Problem | Your copy should match the entries exactly, except that it holds no pictures.

Excerpted data |
*** Block opens ***

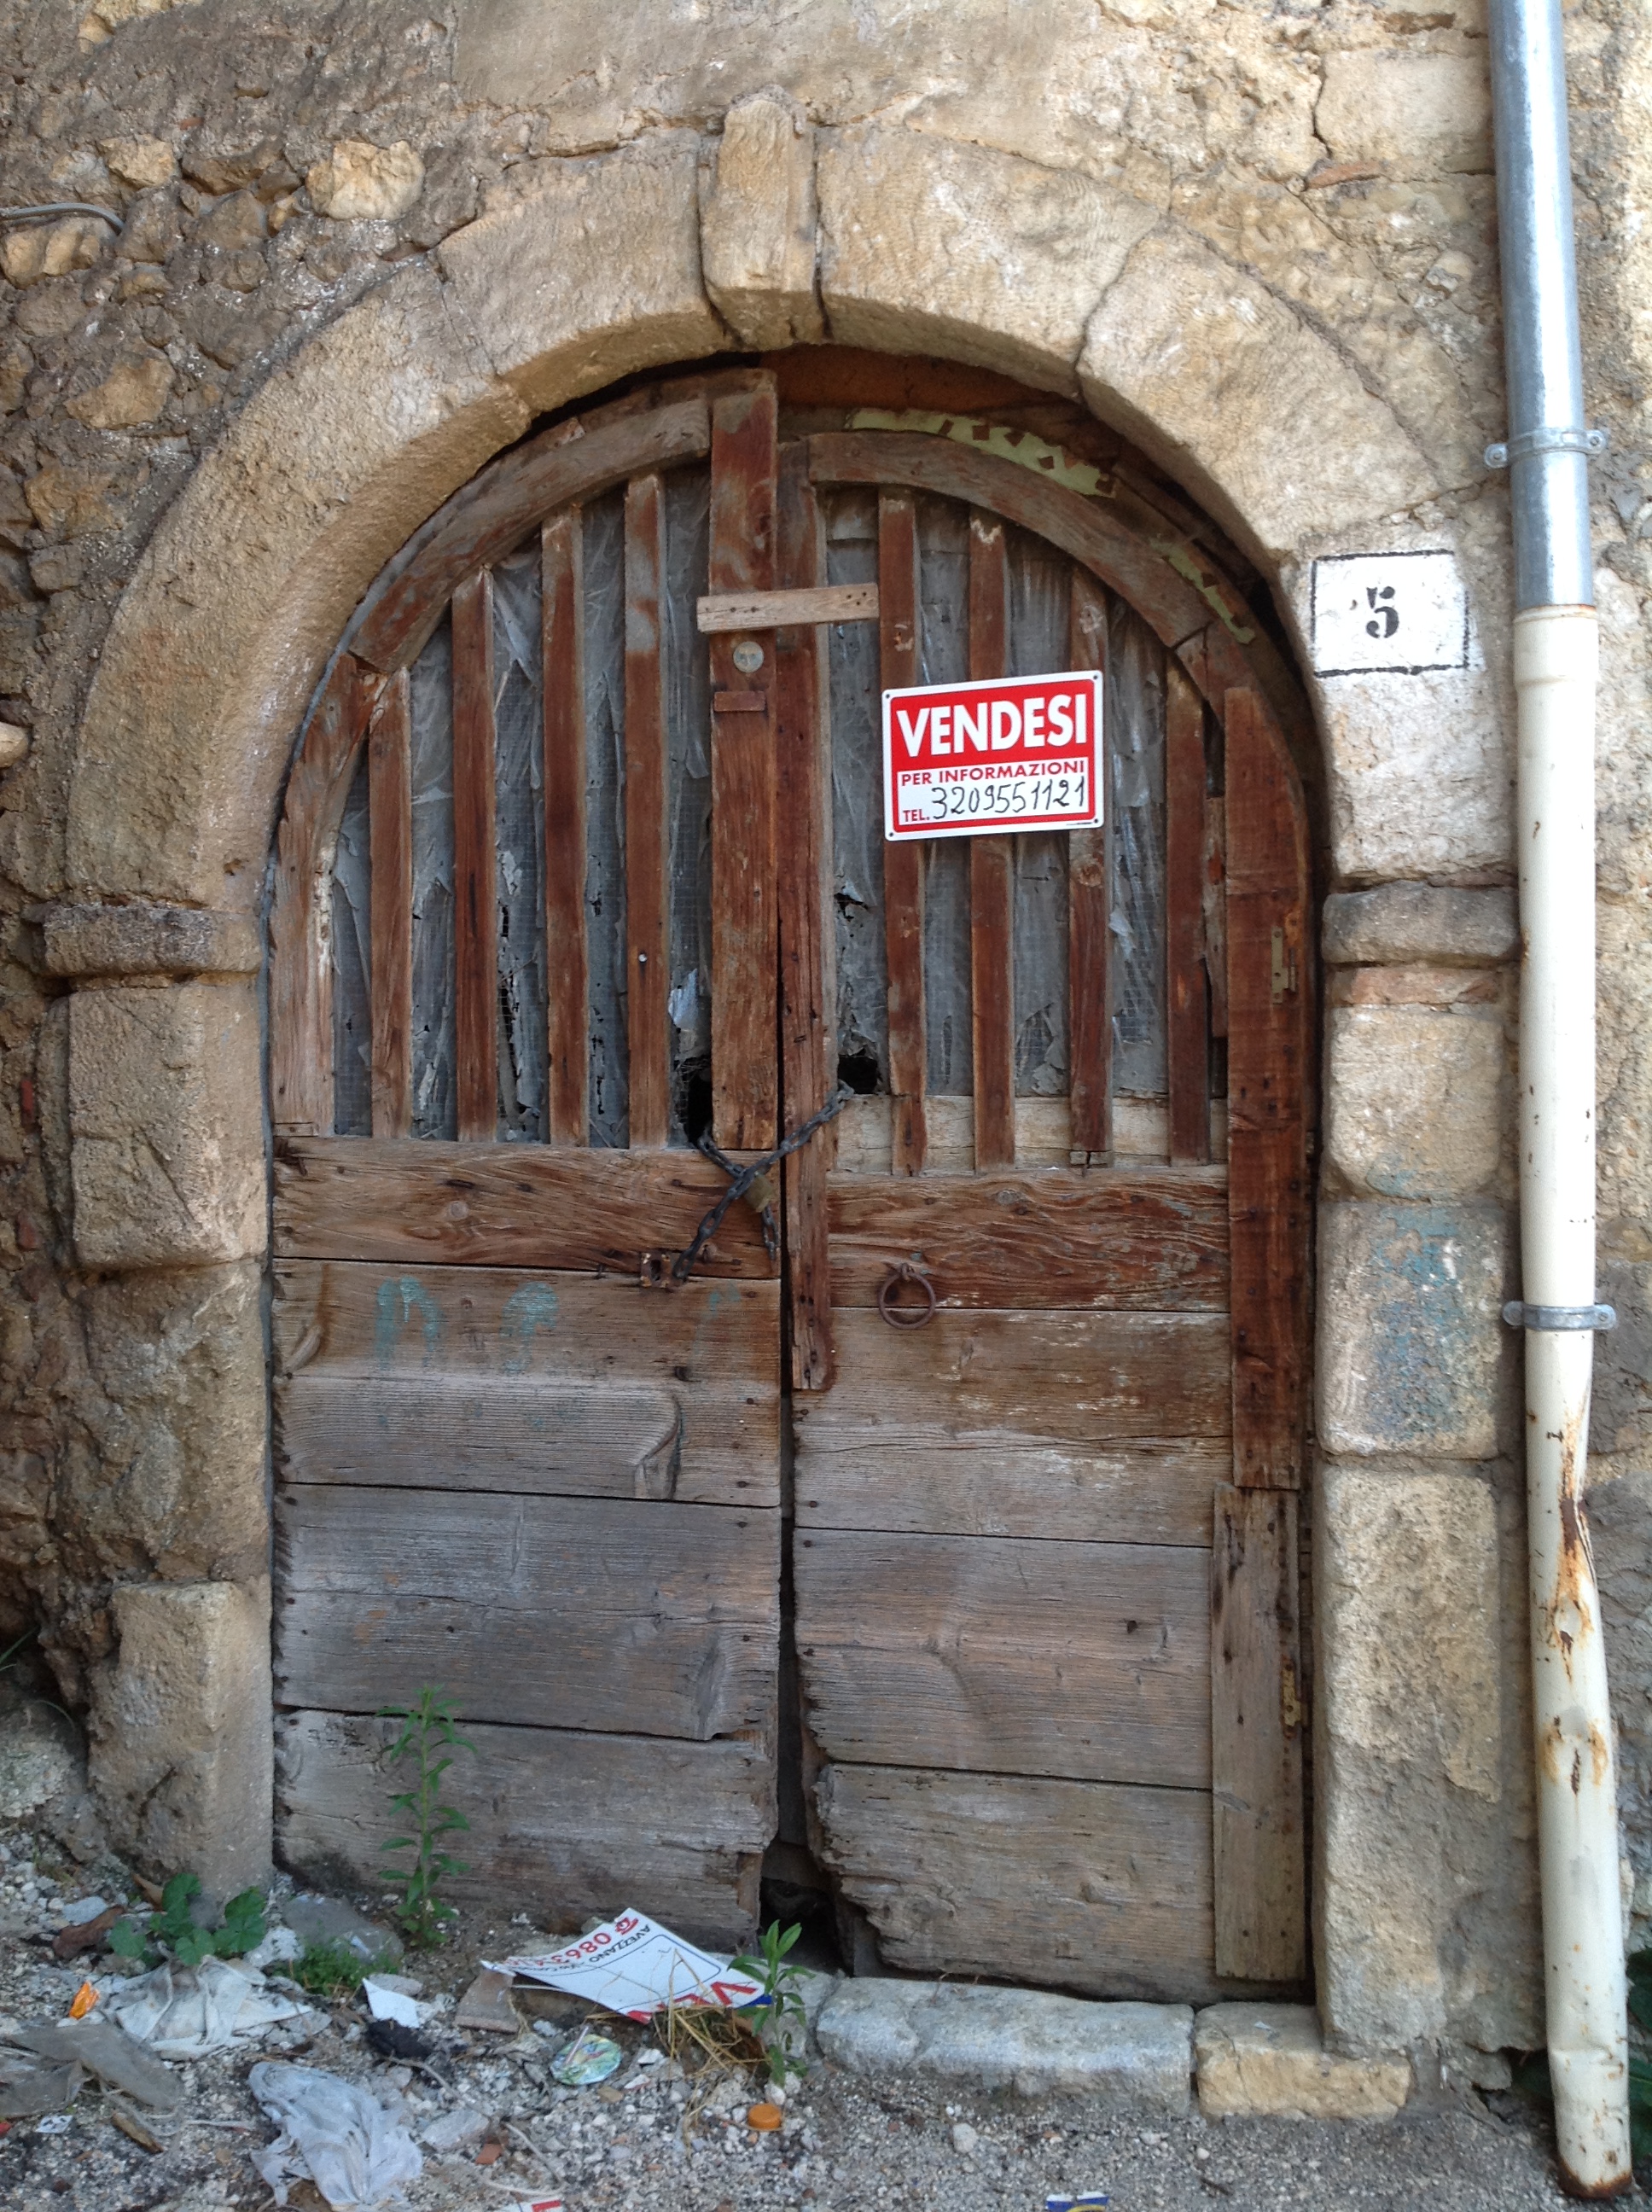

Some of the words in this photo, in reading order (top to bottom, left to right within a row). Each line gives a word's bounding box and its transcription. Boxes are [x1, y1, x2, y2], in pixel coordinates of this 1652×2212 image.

[1365, 585, 1399, 639] 5
[896, 694, 1087, 758] VENDESI
[901, 771, 933, 787] PER
[939, 760, 1085, 783] INFORMAZIONI
[902, 808, 931, 823] TEL.
[931, 775, 1085, 820] 3209551121
[589, 1924, 651, 1963] AVEZZANO

*** Block closes ***

Problem solution |
Some of the words in this photo, in reading order (top to bottom, left to right within a row). Each line gives a word's bounding box and its transcription. Boxes are [x1, y1, x2, y2], in pixel coordinates of this 1652×2212 image.

[1365, 585, 1399, 639] 5
[896, 694, 1087, 758] VENDESI
[901, 771, 933, 787] PER
[939, 760, 1085, 783] INFORMAZIONI
[902, 808, 931, 823] TEL.
[931, 775, 1085, 820] 3209551121
[589, 1924, 651, 1963] AVEZZANO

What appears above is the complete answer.